The five types of fee-for-service models include mandatory, voluntary, or requested fees; membership programs; and hybrid approaches. You can pick and choose elements of each to create the best model for your organization. The information in the following chapter will help you identify the optimal model for your group.
Mandatory fees are predetermined prices or fixed fees charged by an organization based on specific criteria. To meet legal and IRS standards, these fees must be below the “market rate,” i.e., the amount that would be charged for similar services by a for-profit or private organization. Public universities, hospitals, and state and national parks operate under a mandatory fee model.
A voluntary donation model is when services are provided for free, but donations are requested to cover the costs. This method is a good way to introduce the concept of paying if the population you serve isn’t used to paying fees. This strategy is the least invasive, but it’s also the least effective. Without more extensive information on what the fees cover or what the services actually cost in terms of labor and supplies, people are not as compelled to give. Those who do give tend to offer small amounts.

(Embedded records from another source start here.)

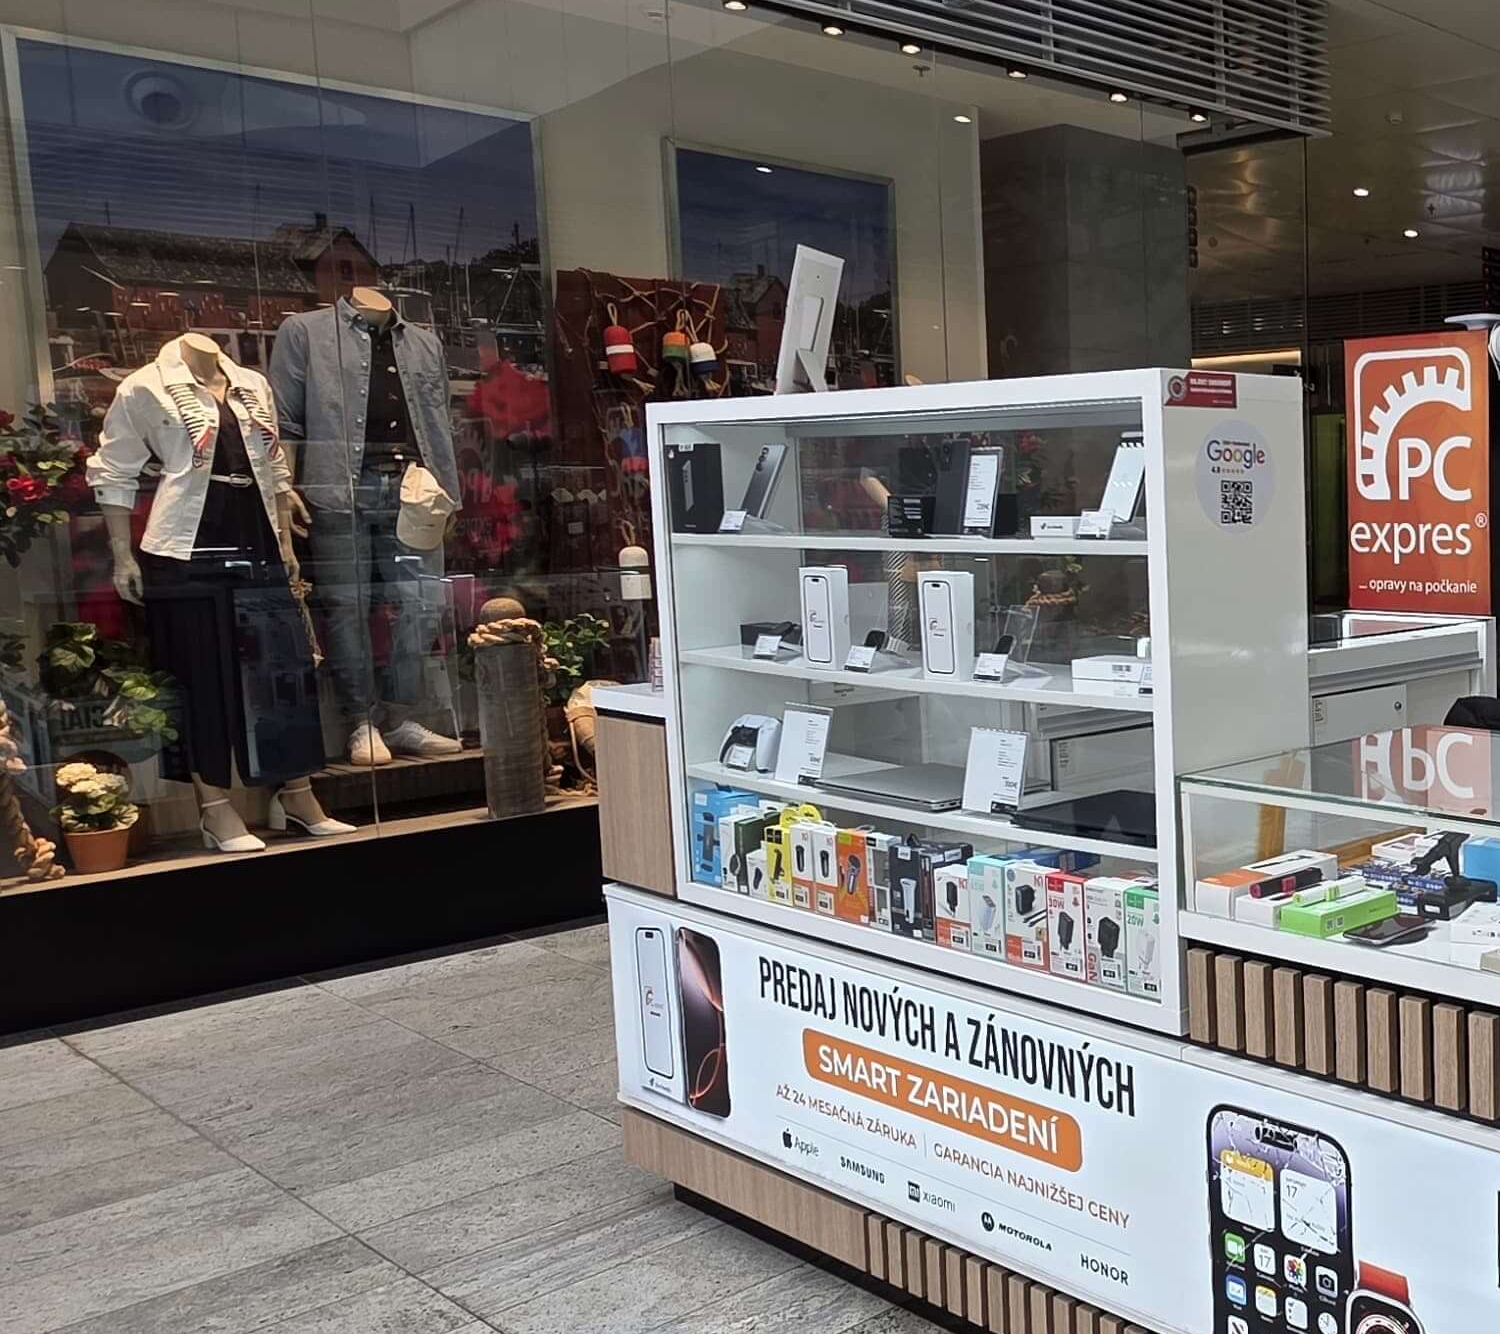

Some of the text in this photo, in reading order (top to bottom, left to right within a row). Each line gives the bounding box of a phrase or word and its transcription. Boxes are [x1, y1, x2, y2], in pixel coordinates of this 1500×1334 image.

[1207, 440, 1265, 469] Google
[1399, 436, 1472, 501] PC
[1351, 521, 1472, 565] expres
[1369, 578, 1406, 594] opravy
[1409, 580, 1423, 591] na
[1425, 579, 1477, 595] počkanie
[1088, 953, 1098, 981] GaN
[759, 956, 1135, 1117] PREDAJ NOVÝCH A ZÁNOVNÝCH
[819, 1045, 1059, 1154] SMART ZARIADENÍ
[776, 1084, 917, 1149] AŽ 24 MESAČNÁ ZÁRUKA
[794, 1136, 820, 1157] Apple
[840, 1156, 885, 1184] SAMSUNG
[934, 1142, 1130, 1229] GARANCIA NAJNIŽŠEJ CENY
[922, 1192, 956, 1212] xiaomi
[998, 1223, 1052, 1251] MOTOROLA
[1080, 1253, 1129, 1285] HONOR

"Requested" fees are donations requested for each service provided to make clients aware of the cost to the organization. This is a more direct method, and it usually involves a published menu of services that lists the costs of offering each service. Donations offset the expense of each service. Potential donors are given the message that their gifts can help improve services because they have a more comprehensive sense of the costs involved and what the organization can (and can’t) accomplish with their money.

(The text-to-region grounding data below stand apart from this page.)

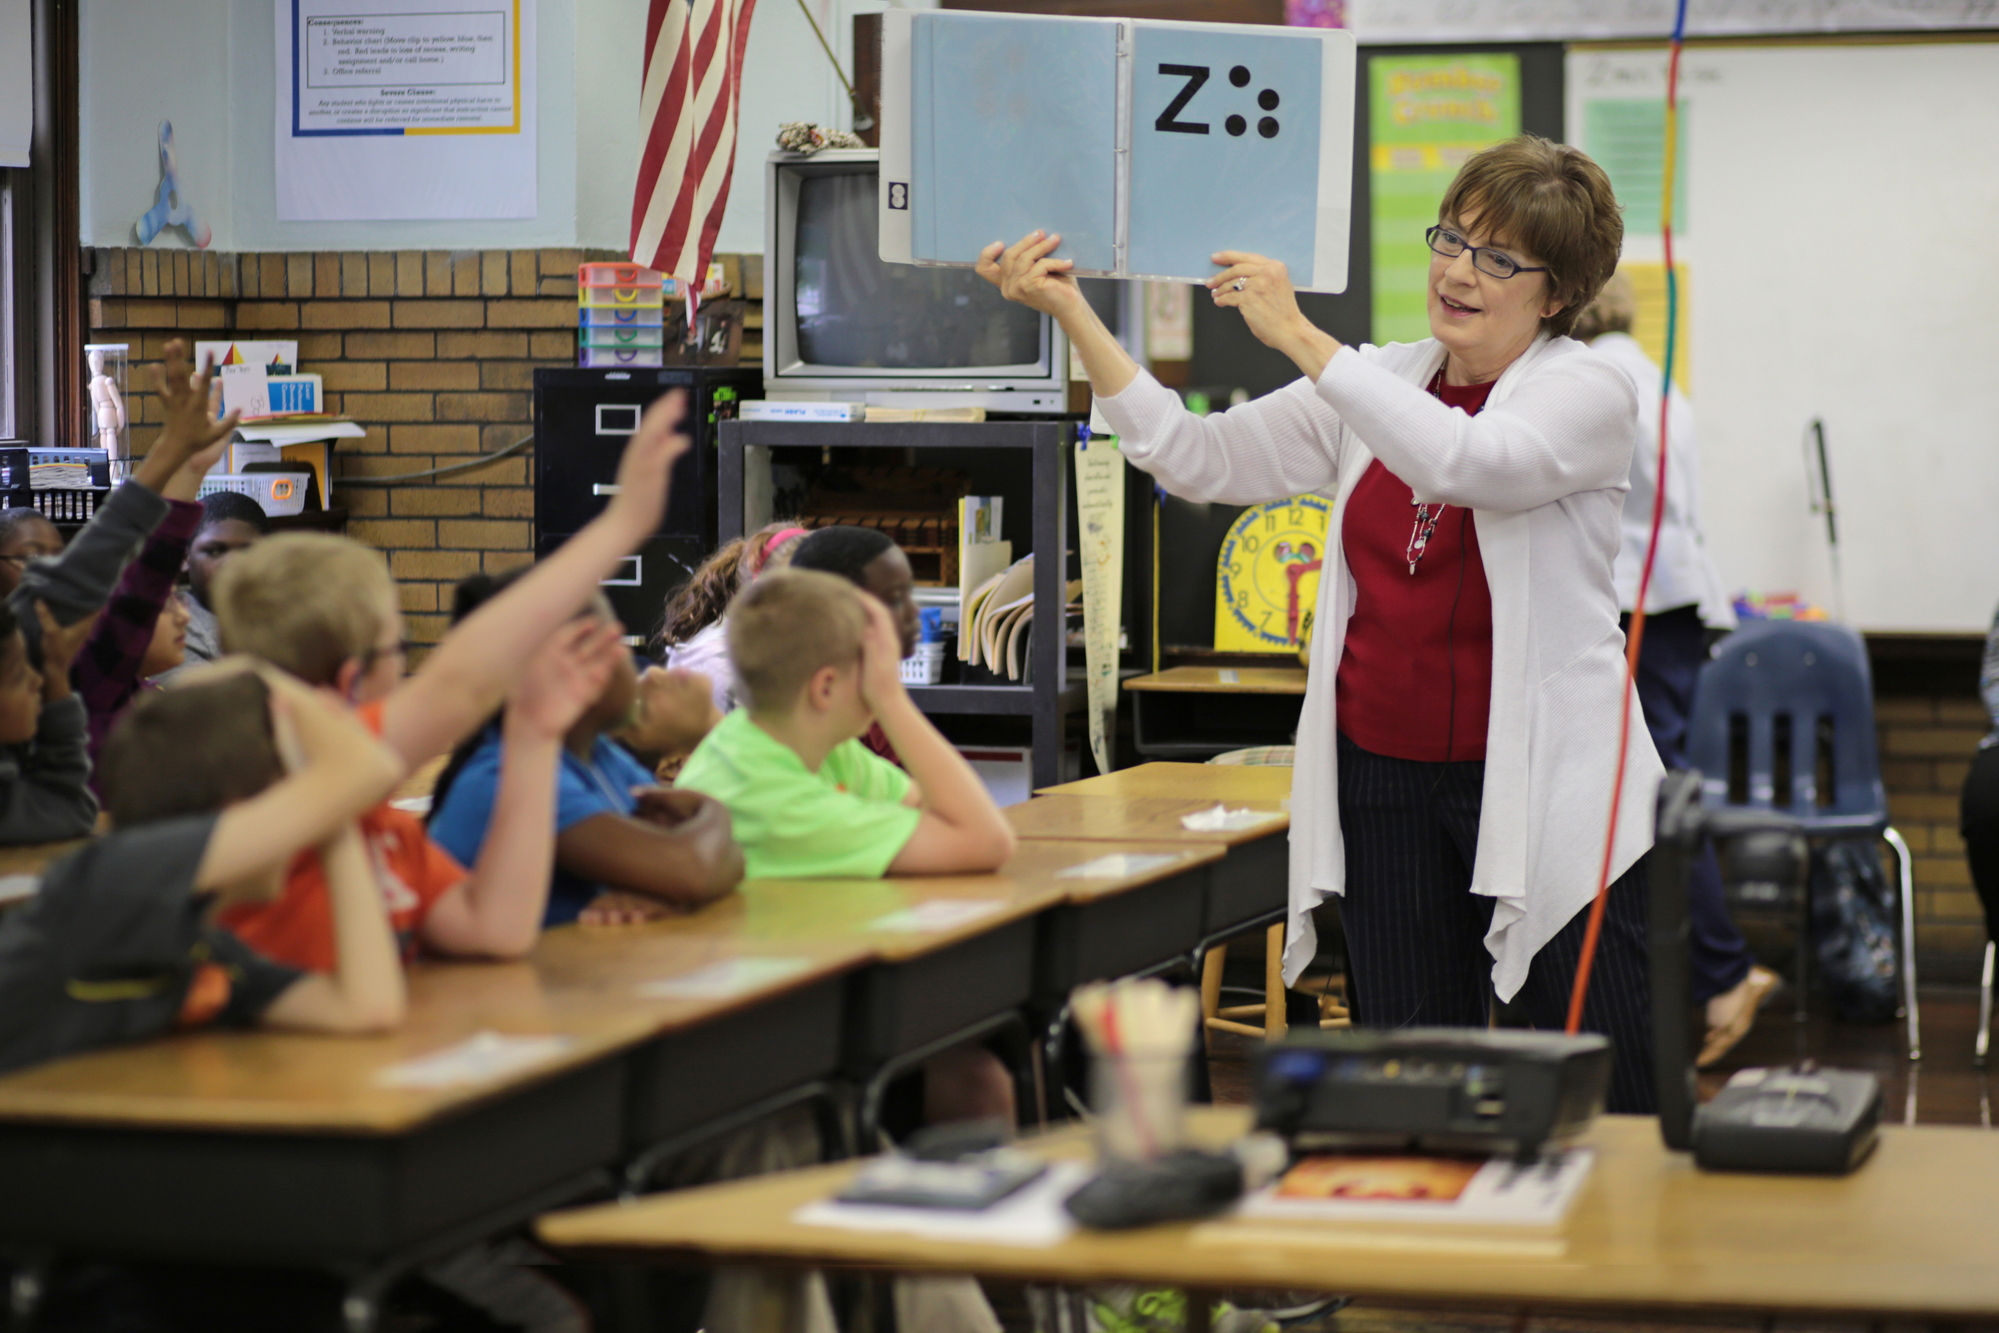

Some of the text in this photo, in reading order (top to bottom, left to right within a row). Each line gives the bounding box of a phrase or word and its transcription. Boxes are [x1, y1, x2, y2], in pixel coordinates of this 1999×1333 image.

[307, 18, 364, 27] Consequences:
[357, 28, 385, 36] warning
[355, 47, 369, 55] Red
[399, 46, 413, 54] loss
[423, 46, 448, 54] recess,
[450, 45, 476, 54] writing
[338, 57, 377, 67] assignment
[404, 56, 417, 64] call
[419, 56, 444, 65] home.)
[332, 67, 354, 75] Office
[355, 67, 381, 75] referral
[381, 88, 437, 97] Severe Clause:
[1155, 63, 1210, 135] Z
[1265, 514, 1276, 532] 11
[1288, 508, 1303, 526] 12
[1318, 515, 1325, 533] 1
[1240, 535, 1259, 553] 10
[1229, 562, 1242, 580] 9
[1237, 590, 1249, 608] 8
[1261, 611, 1273, 633] 7

Membership fees are lump-sum fees for services provided at no or low cost. For example, a small nonprofit organization may pay a fee to be a member of a regional services group through which it receives training or resources. These membership fees are sometimes on a sliding scale proportionate to the group’s operating budget. An organization with a smaller budget would pay lower fees, and fees would increase as the group’s budget grows.
Finally, a hybrid approach is a blend of the other models. It can encompass fees, voluntary donations, and even free services. For example, one U.S.-based organization of youth- and family-serving agencies employs a hybrid approach: the group charges annual membership fees, but also offers a la carte and free services. Discounted and exclusive services are available for members.